Denver Post: "Hospice" Home Under The Radar
Three years ago, the state of Colorado shut down an assisted-living home in Arapahoe County for endangering the lives of its elderly residents. Yet Colorado law then allowed the owner to take in two new residents at a time, operate the same house with no supervision and charge as much as $5,000 a month for unregulated "hospice" care. That's exactly what Lois Huffman did. In four months of 2009, two women died in Huffman's unlicensed home. No autopsies were performed by the Arapahoe County coroner, which assumed both died in a state-approved facility. Last year, Huffman was charged with felony theft after a third resident discovered her credit card had been used for water and phone bills, in-flight TV charges, and a hotel room in Connecticut (Olinger, 4/8).

The Arizona Republic: Brewer Signs Off On A Slashed Budget
Arizona's $8.3 billion budget for the next fiscal year is now law. Gov. Jan Brewer on Thursday announced that she had signed the budget package late Wednesday, calling the plan "a milestone on the road to recovery." ... She proposes to freeze enrollment in the Arizona Health Care Cost Containment System, require co-pays from patients, and cut reimbursement rates for doctors, hospitals and other health-care providers. The budget cuts $500 million from AHCCCS, although many of the savings are contingent on federal approval of a reform package Brewer submitted to Washington, D.C., last week. Her signing letter made no reference to the transplant program, which was cut in October.
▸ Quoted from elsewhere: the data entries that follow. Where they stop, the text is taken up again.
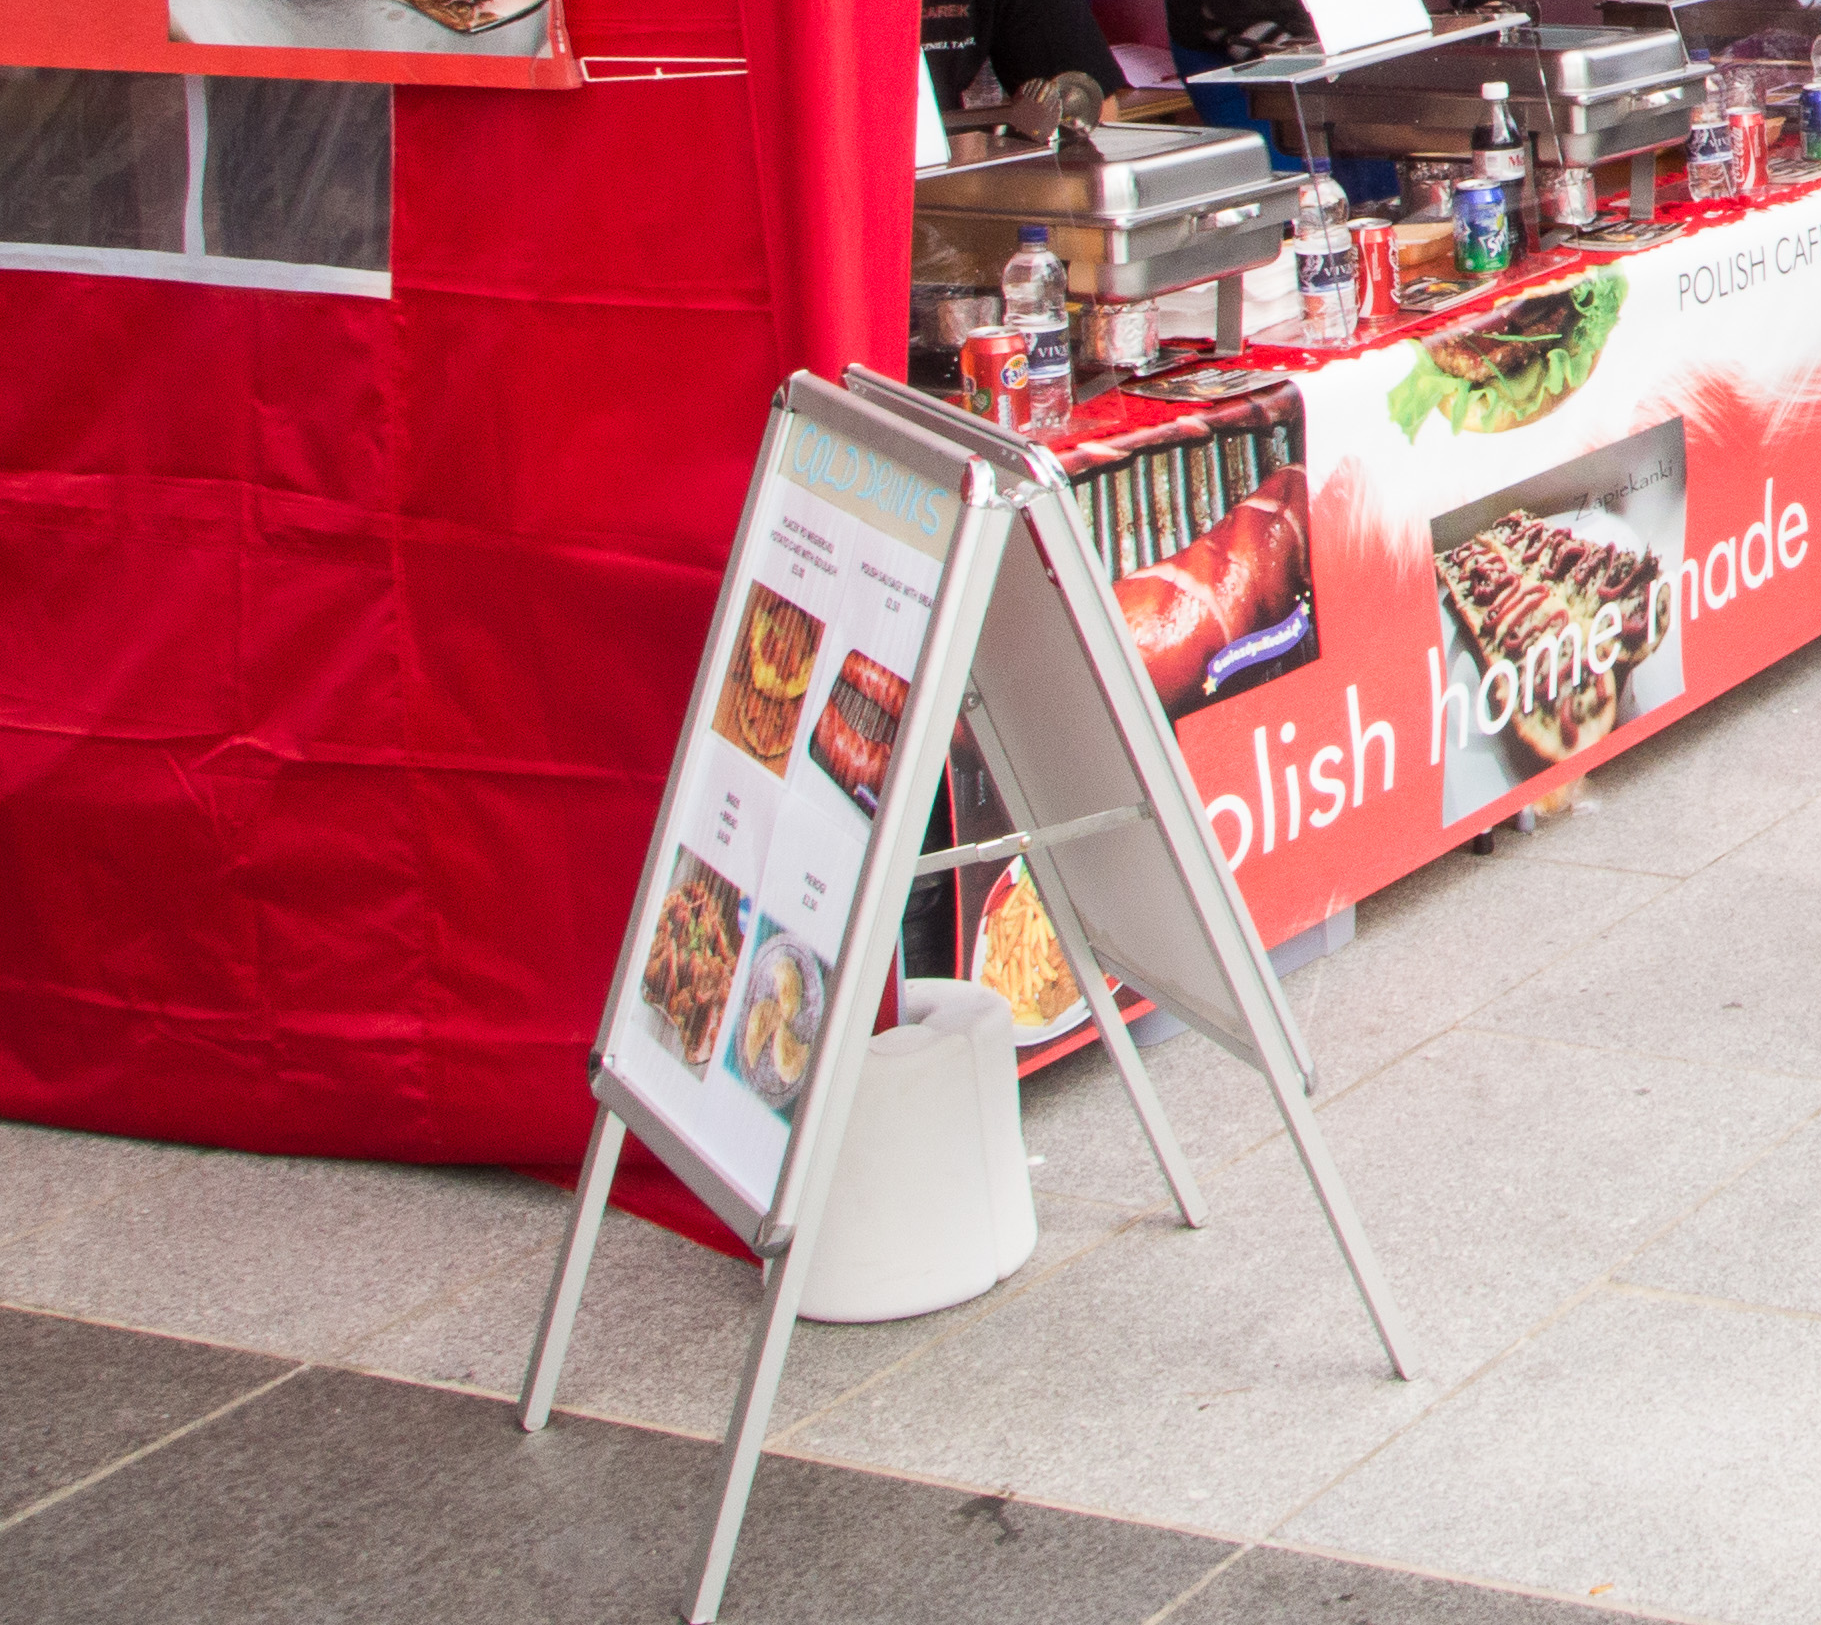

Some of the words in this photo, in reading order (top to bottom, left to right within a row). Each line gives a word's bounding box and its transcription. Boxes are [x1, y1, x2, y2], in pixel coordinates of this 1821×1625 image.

[1678, 245, 1766, 312] POLISH
[793, 423, 860, 492] COLD
[856, 451, 948, 536] DRINKS
[1575, 459, 1674, 523] Zapiekanki
[1204, 683, 1396, 873] olish
[1427, 602, 1624, 766] home
[1646, 478, 1810, 645] made
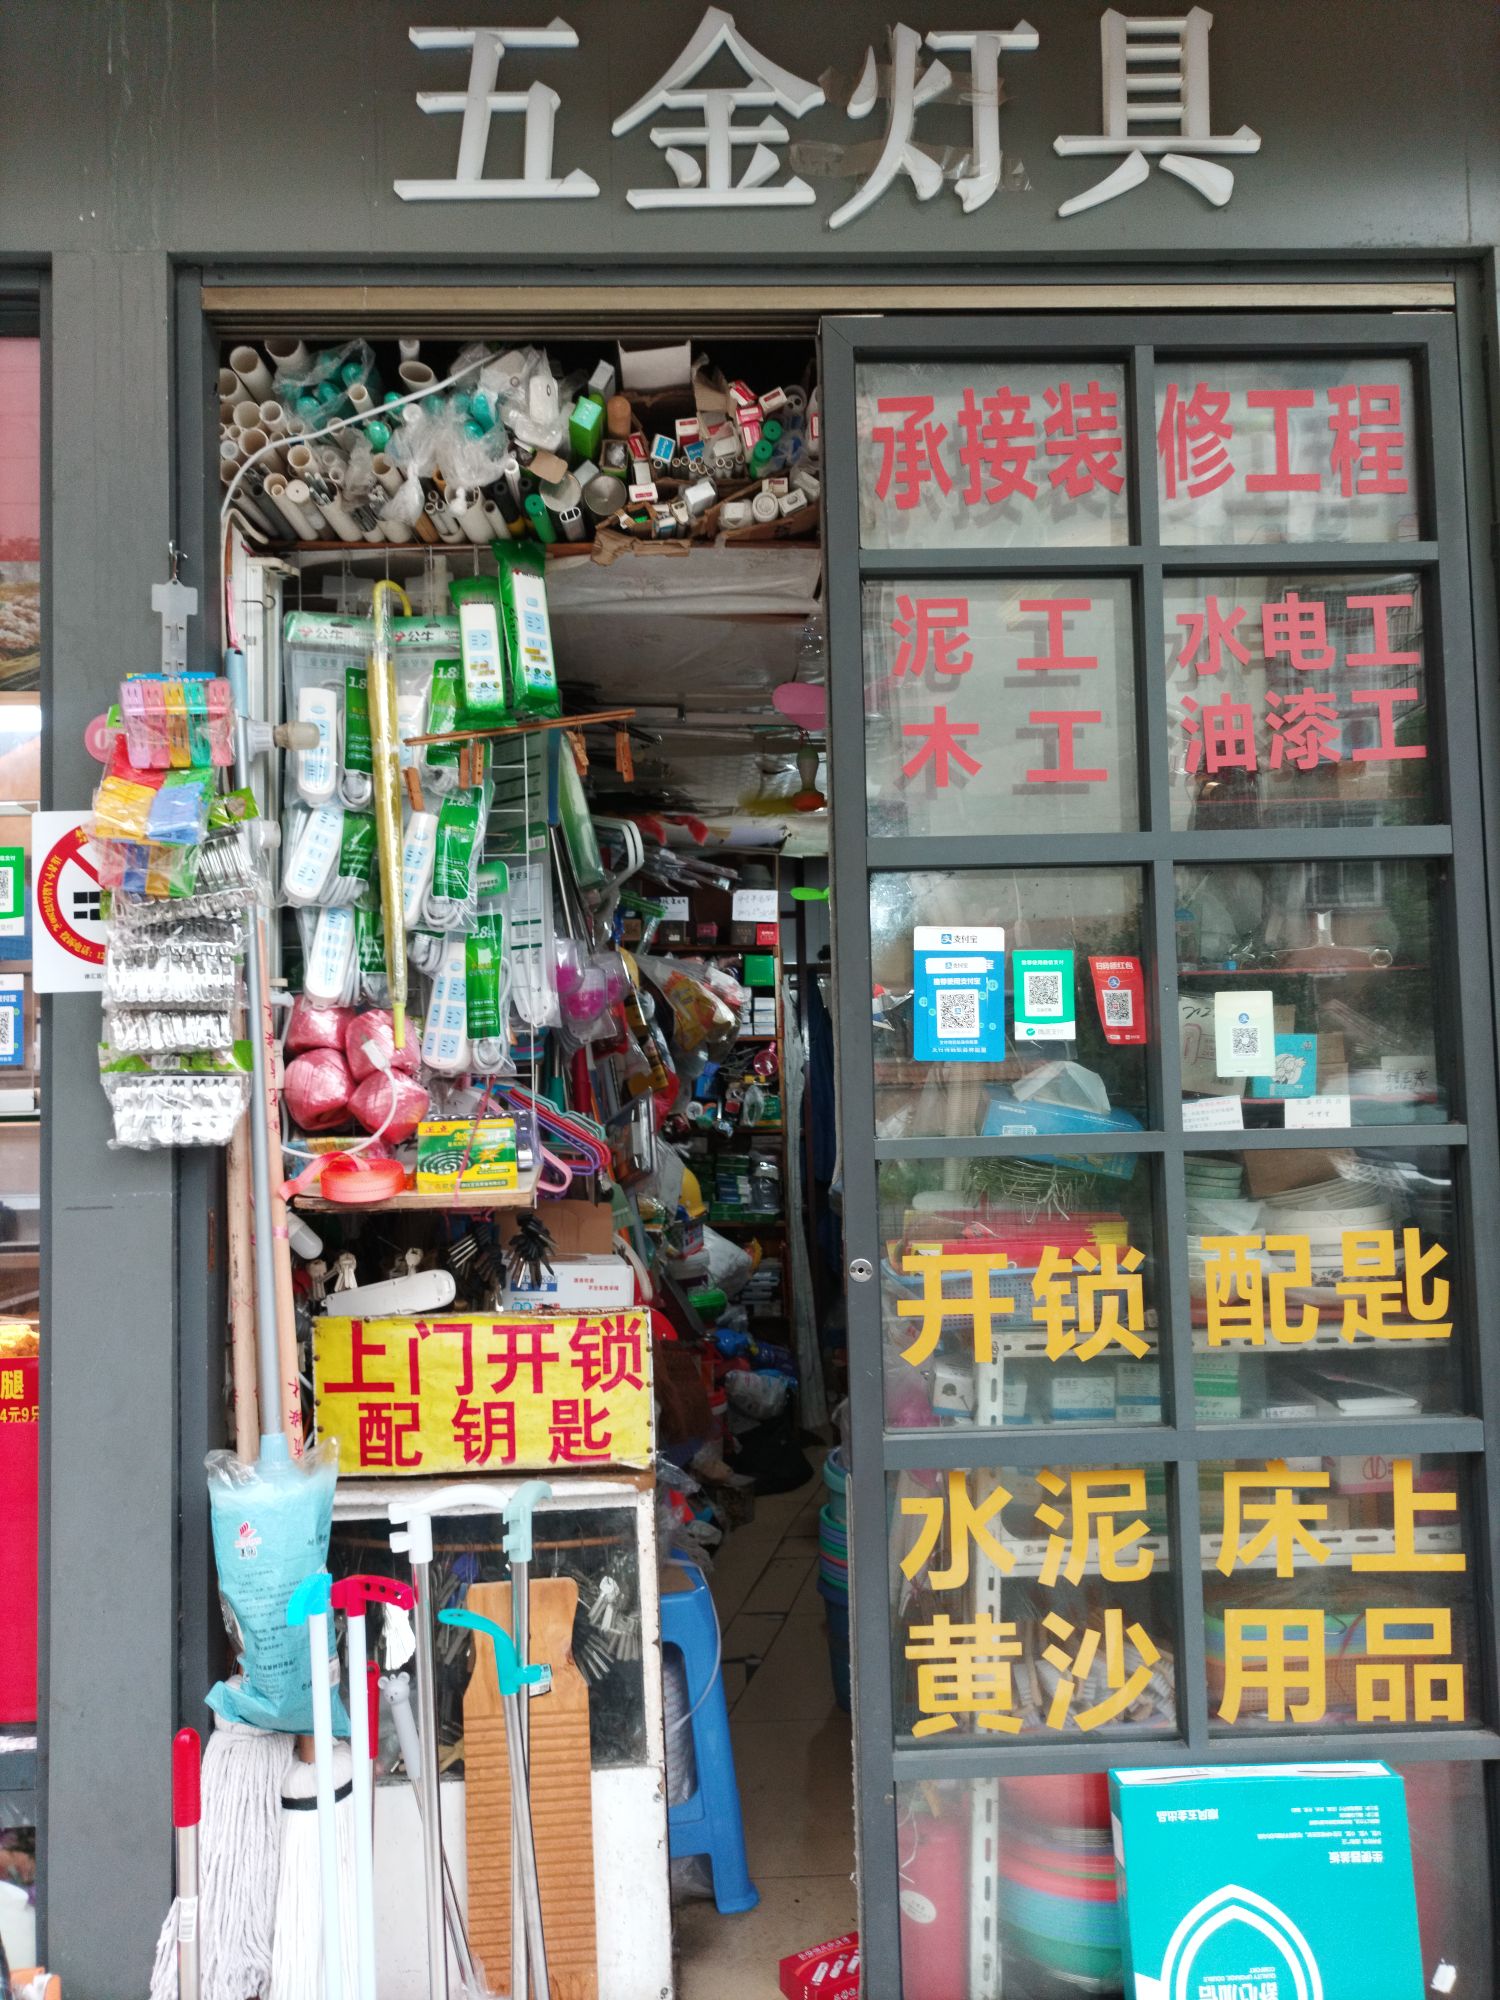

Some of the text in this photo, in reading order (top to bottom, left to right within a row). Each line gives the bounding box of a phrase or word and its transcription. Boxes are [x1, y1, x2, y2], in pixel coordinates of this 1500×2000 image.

[393, 6, 1262, 229] 五金灯具
[890, 594, 1098, 677] 泥工
[1176, 592, 1421, 676] 水电工
[901, 706, 1107, 788] 木工
[1181, 687, 1428, 774] 油漆工
[953, 935, 978, 944] 支付宝
[897, 1243, 1152, 1367] 开锁
[1200, 1227, 1454, 1347] 配匙
[323, 1314, 645, 1396] 上门开锁
[358, 1398, 613, 1467] 配钥匙
[900, 1469, 1155, 1591] 水泥
[1215, 1458, 1467, 1578] 床上
[905, 1608, 1162, 1738] 黄沙
[1216, 1607, 1466, 1725] 用品
Brewer spokesman Matthew Benson said Thursday that, with the budget now signed into law, that coverage is reinstated (Pitzl, 4/8).

The Atlanta Journal-Constitution: Tech Upgrade Critical To Handling Medicaid Expansion
A $100 million effort to upgrade the state's antiquated Medicaid enrollment system is vital to Georgia's ability to handle potentially hundreds of thousands of new enrollees when the program expands in 2014, officials say. Replacing the outdated technology that helps caseworkers determine eligibility will also make the process speedier and easier for applicants, who will be able to apply online, said Jon Anderson, Medicaid deputy chief with the state Department of Community Health. The goal is to eliminate any barriers and make sure people get sent to the right programs the first time around, he said (Williams, 4/7).

The Wichita Eagle: Ideas Abound For Changing Medicaid System
Coverage of stomach-bypass surgery for the chronically obese; increased use of technology to deliver medical care; integrating health, housing and other services for the frail elderly; ending coverage for circumcision. Those are among 120 suggestions the state has received in response to a call for ideas for reforming the Medicaid system in Kansas. The ideas submitted by the public and by health care providers form the groundwork for a series of meetings and discussions to be held this summer, said Lt. Gov. Jeff Colyer. The goal is to build a comprehensive plan to improve services while cutting costs in the system that provides care for poor, elderly and disabled Kansans, he said (Lefler, 4/8).